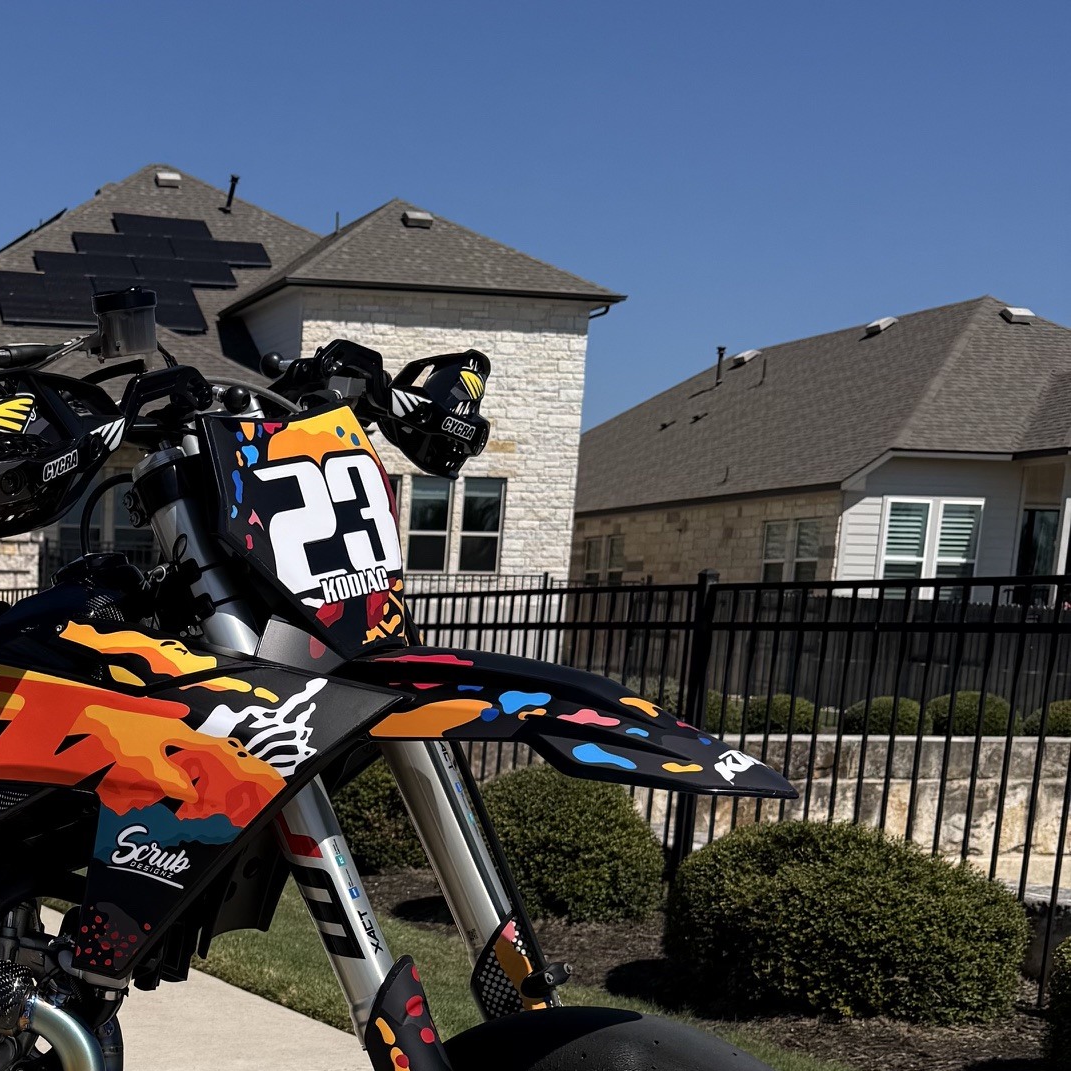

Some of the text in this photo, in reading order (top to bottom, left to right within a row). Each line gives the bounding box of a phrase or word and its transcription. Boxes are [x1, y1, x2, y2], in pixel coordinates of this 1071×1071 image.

[441, 416, 476, 440] CYCRA
[43, 449, 78, 482] CYCRA
[253, 454, 402, 594] 23
[321, 566, 389, 604] KODIAC
[111, 825, 191, 874] Scrub
[129, 861, 174, 879] DESIGNZ
[357, 910, 384, 955] XACT
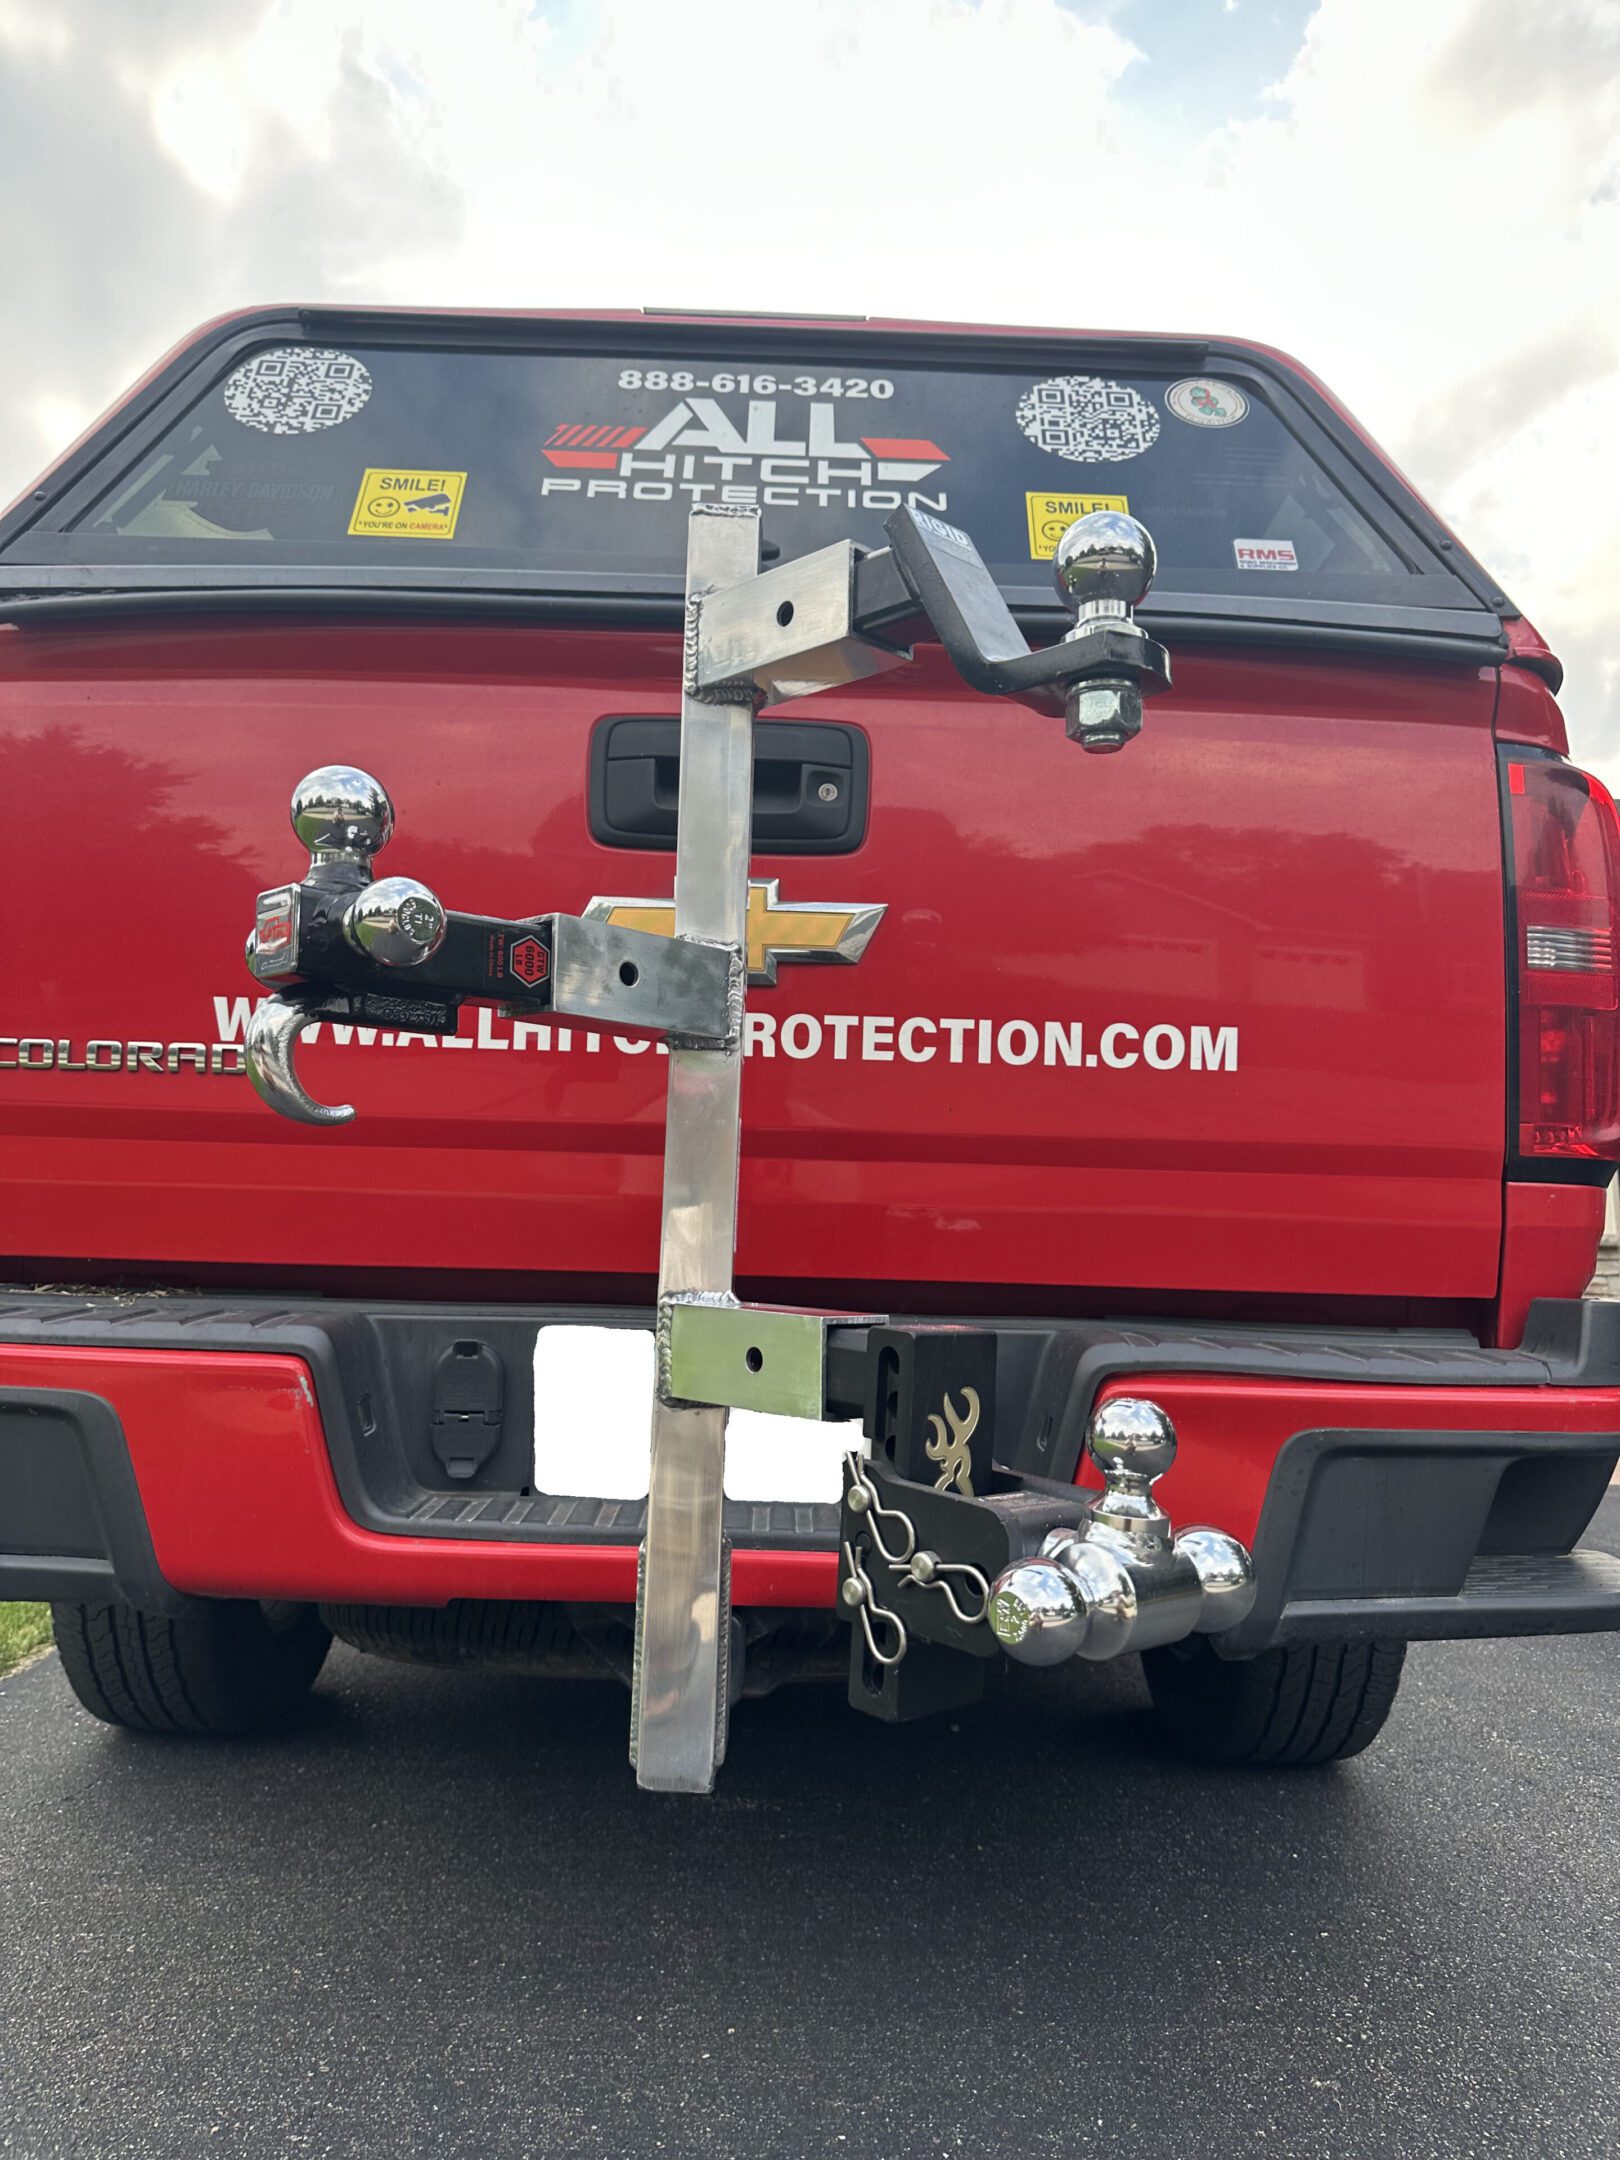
━━━━━━━━━━━━━━━━━━━━━━━━━━━━━━
**DESCRIPTION OF THE TASK**
Drop the images and transcribe the entries above exactly.

**TASK SOLUTION**
Some of the text in this photo, in reading order (top to bottom, left to right within a row). Each line gives the bounding box of a phrase or word and its transcription. Boxes are [x1, y1, x2, y2], in pixel coordinates of this 1071×1071 image.

[441, 416, 476, 440] CYCRA
[43, 449, 78, 482] CYCRA
[253, 454, 402, 594] 23
[321, 566, 389, 604] KODIAC
[111, 825, 191, 874] Scrub
[129, 861, 174, 879] DESIGNZ
[357, 910, 384, 955] XACT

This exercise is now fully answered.